[Material for this exercise]

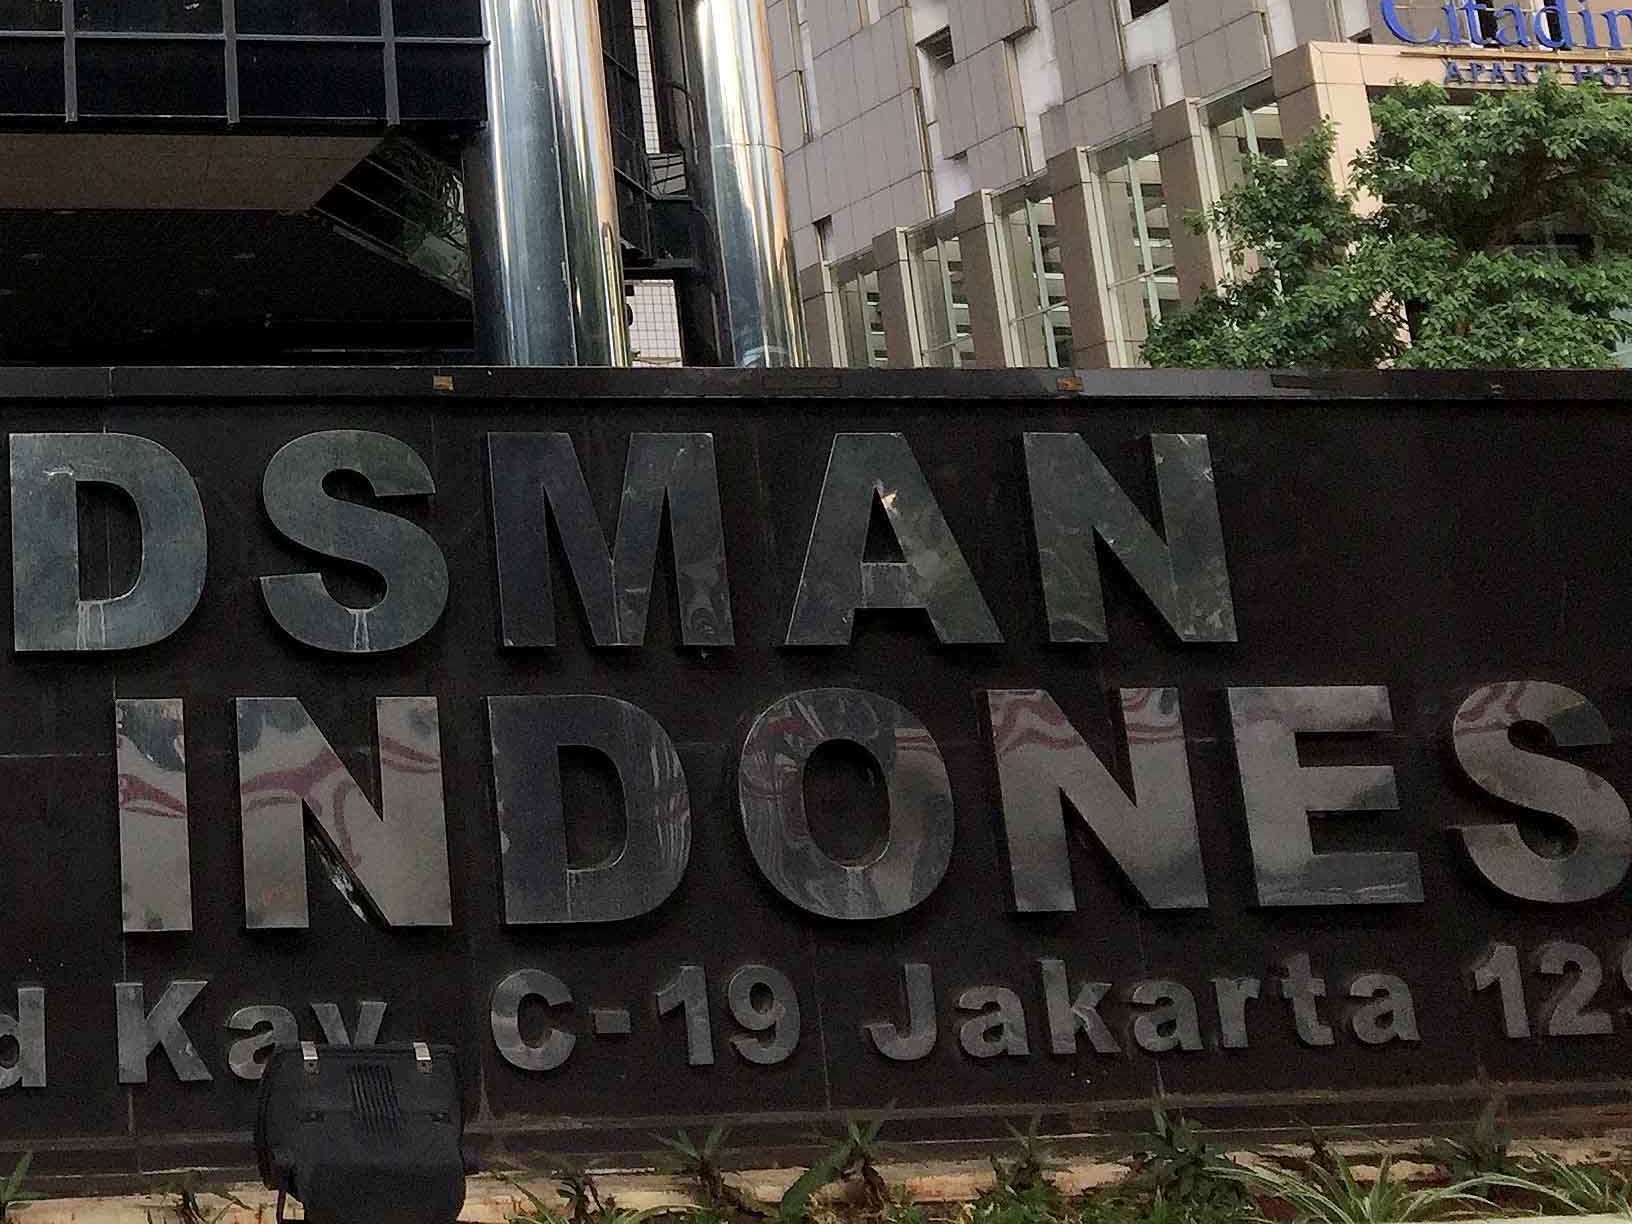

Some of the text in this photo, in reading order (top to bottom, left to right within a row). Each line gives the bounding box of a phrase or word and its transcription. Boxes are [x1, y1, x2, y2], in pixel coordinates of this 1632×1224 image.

[113, 678, 1632, 933] INDONES
[488, 964, 801, 1072] C-19
[865, 951, 1423, 1061] Jakarta
[1471, 941, 1632, 1040] 12

[/Material for this exercise]

• **Exercise details**:
The entries above, every one of them, should be retyped exactly, with no pictures carried over.

• **Task answer**:
Some of the text in this photo, in reading order (top to bottom, left to right within a row). Each line gives the bounding box of a phrase or word and its transcription. Boxes are [x1, y1, x2, y2], in pixel coordinates of this 1632×1224 image.

[113, 678, 1632, 933] INDONES
[488, 964, 801, 1072] C-19
[865, 951, 1423, 1061] Jakarta
[1471, 941, 1632, 1040] 12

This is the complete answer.